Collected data
######

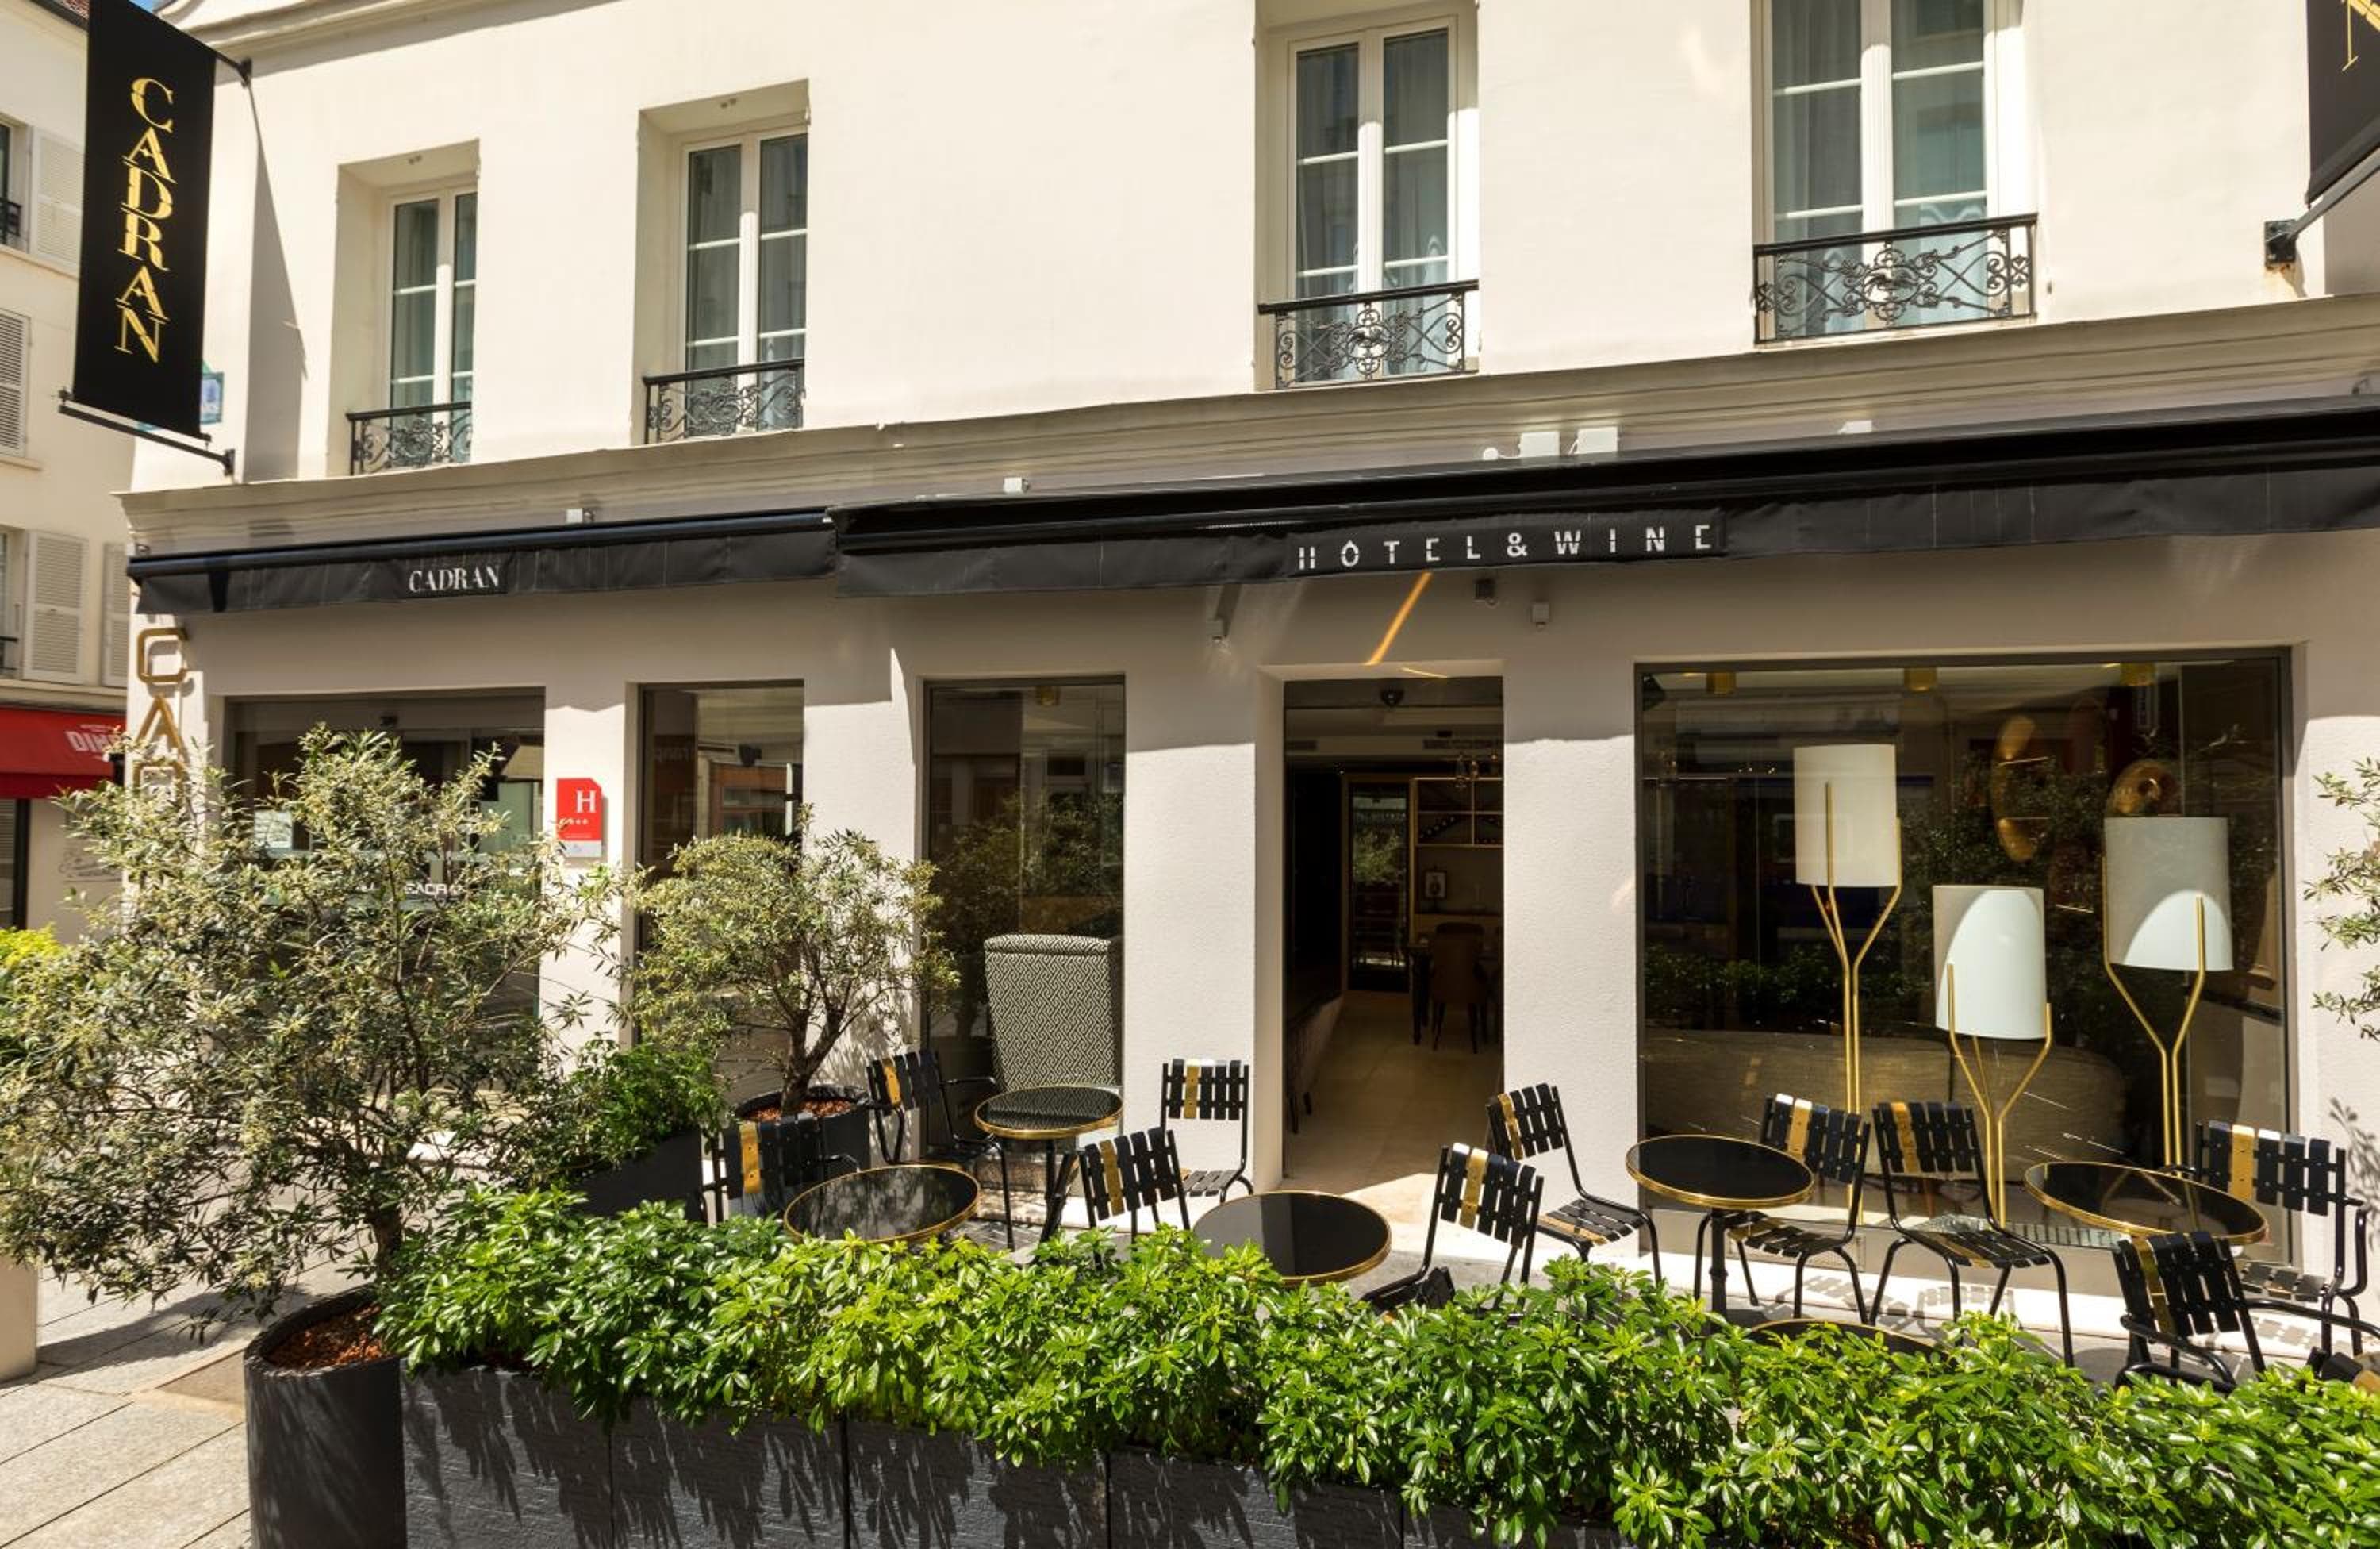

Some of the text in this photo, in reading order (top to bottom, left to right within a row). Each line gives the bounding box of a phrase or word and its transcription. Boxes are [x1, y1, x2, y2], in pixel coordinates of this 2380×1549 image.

[114, 77, 177, 363] CADRAN
[1507, 532, 1528, 557] &
[1554, 524, 1711, 555] WINE
[409, 564, 501, 593] CADRAN
[576, 789, 597, 813] H
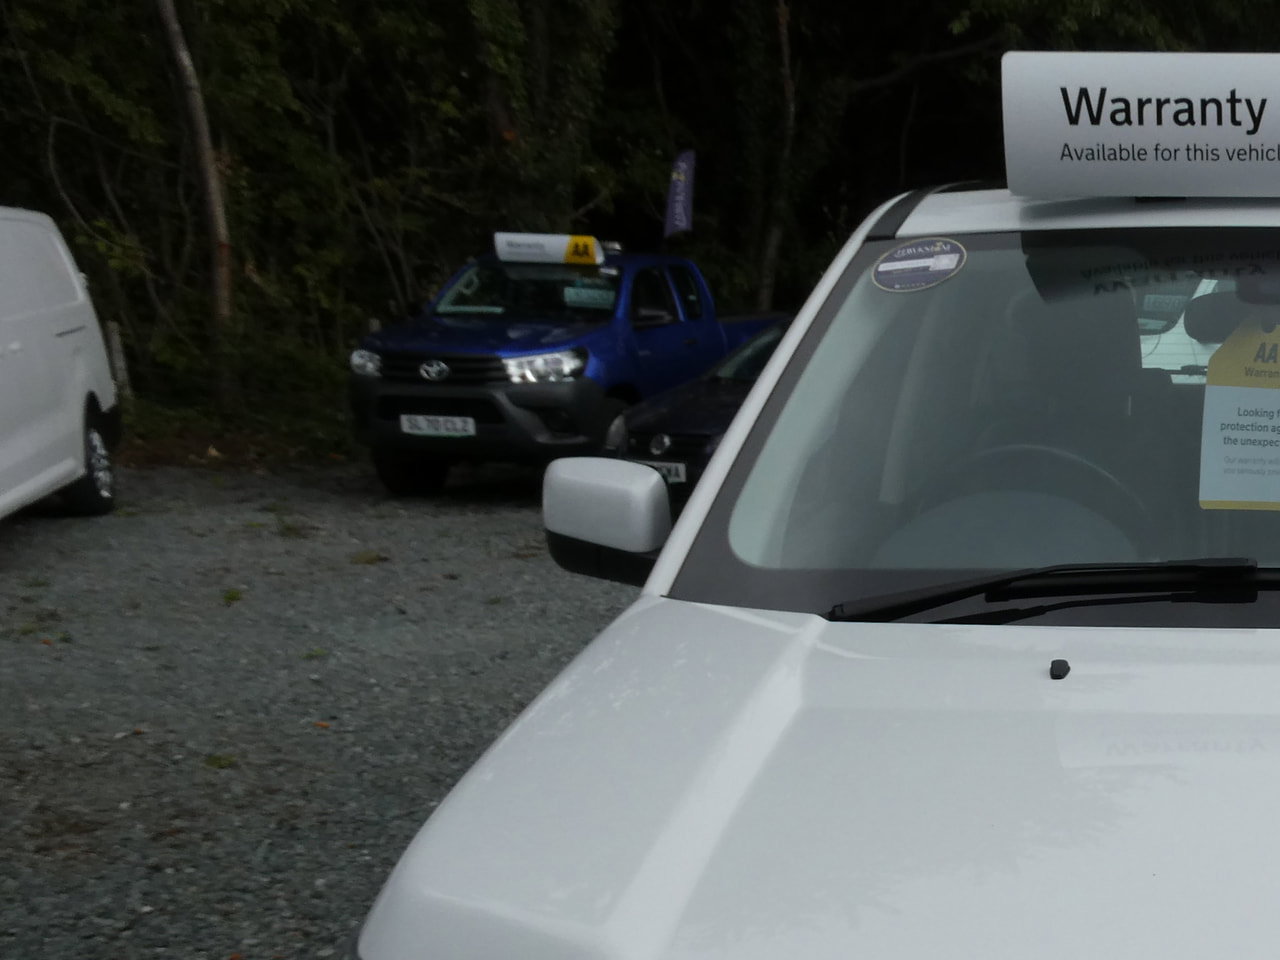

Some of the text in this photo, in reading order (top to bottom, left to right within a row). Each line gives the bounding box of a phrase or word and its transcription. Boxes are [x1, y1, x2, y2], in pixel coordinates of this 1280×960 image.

######

## Work instructions
Output every entry verbatim but skip the pictures.

## Task solution
Some of the text in this photo, in reading order (top to bottom, left to right within a row). Each line gives the bounding box of a phrase or word and its transcription. Boxes are [x1, y1, x2, y2], in pixel coordinates of this 2380×1549 image.

[114, 77, 177, 363] CADRAN
[1507, 532, 1528, 557] &
[1554, 524, 1711, 555] WINE
[409, 564, 501, 593] CADRAN
[576, 789, 597, 813] H

Some of the text in this photo, in reading order (top to bottom, left to right within a row). Each line gives the bounding box of a phrase or word and its transcription. Boxes are [x1, y1, x2, y2], in pixel coordinates of this 1280×960 image.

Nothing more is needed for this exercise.